Antwerp Government Office (‘stadsloket’), health prevention campaign encourages inhabitants to choose the stairs instead of the elevator:
‘Those who take the stairs have better sexual life.’
Good news: there are still some governments which think that public funds should be spent on messages serving the public interest.
Quiz: how to be unbelievably and limitless naughty?
Background: my son, Walter (10) attended a Santa Claus party today. He reports to have been rather bored as Santa made a far too long speech, meanwhile Underaged Walter understandably got a little hungry, so he carefully took some sweets from the pocket of Black Pete.
MY SON HAS PICKPOCKETED BLACK PETE!!!!!
I envision a bright future for him in the business world.
Our daughter (13):
‘Grown-ups always warn children of two things: eat healthy, and never accept anything from strangers.
At Santa time of the year, however, they themselves encourage children to accept in shops and even in the street a crazy amount of candies and lollies from not only total strangers they know nothing about, but also from totally creepy strangers who wear such a strong make up under which it is impossible to recognise anybody, not to mention if you need later to identify the guy.
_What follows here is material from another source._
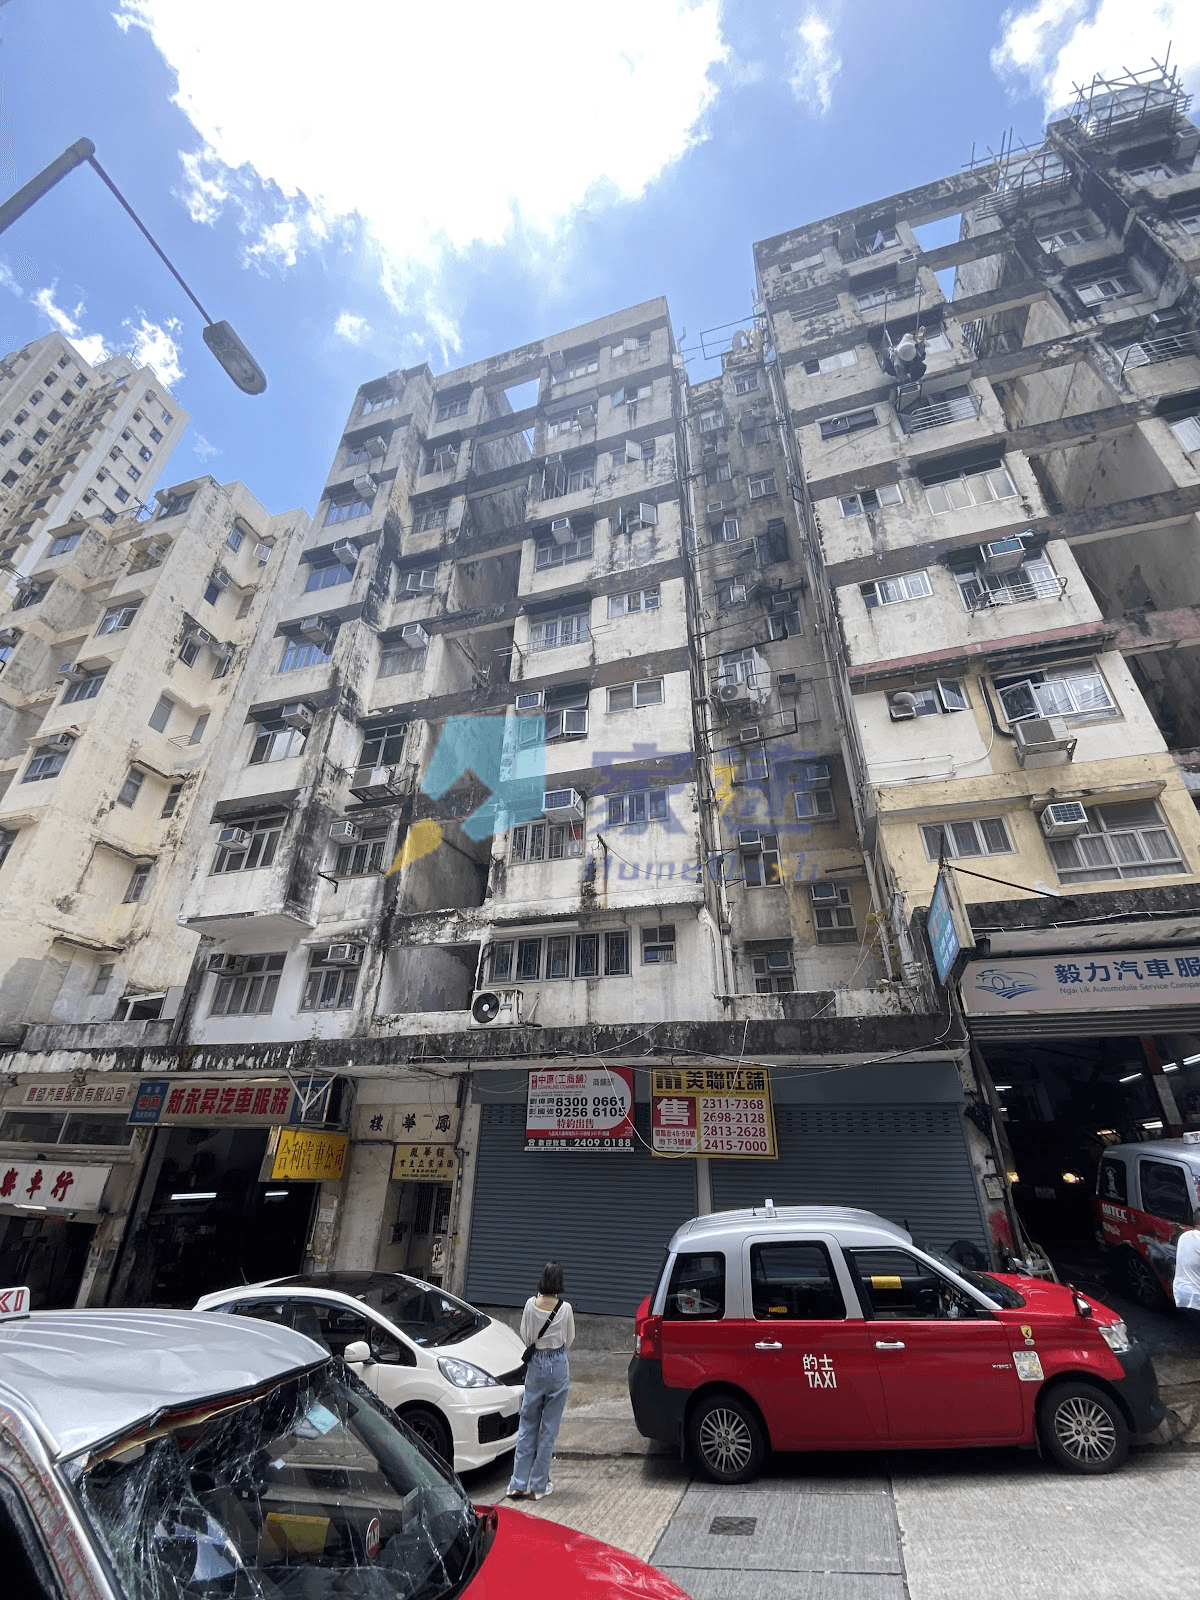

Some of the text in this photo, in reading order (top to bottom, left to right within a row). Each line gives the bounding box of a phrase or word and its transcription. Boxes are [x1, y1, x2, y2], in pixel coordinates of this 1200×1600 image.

Grown-ups are not logical.’
Our son (10) comes home today, giving me an envelope from school. I ask him to open it, he starts to read it out:
‘Oh, it’s about vacation!!’
(Note: vacation in Dutch – ‘vakantie’)
He (surprised): ‘..Only they spelt it with double ‘c’ instead of a ‘k’..’
Me: ‘Hmm, could you show me for a second? …. Ah, I see… it is not a spelling mistake: the 1st ‘c’ in this word you pronounce as a ‘k’ in most languages..’
He: ‘Oh nooooooooooo!!!!’
Rotterdam, family trip into a museum of modern arts.
My son (10) (within 15 mins): ‘Can’t we by chance visit a museum, where the exhibited objects more resemble the labels next to them?’
Me (enthusiastically): ‘Look at that innovative solution on the beer crate – a handle in the middle! I cannot recall it from earlier, there were handles only on the 2 sides..’
My husband (mutually enthusiastic): ‘Indeed! Isn’t technological revolution wonderful! How easier life has become for single alcoholists!’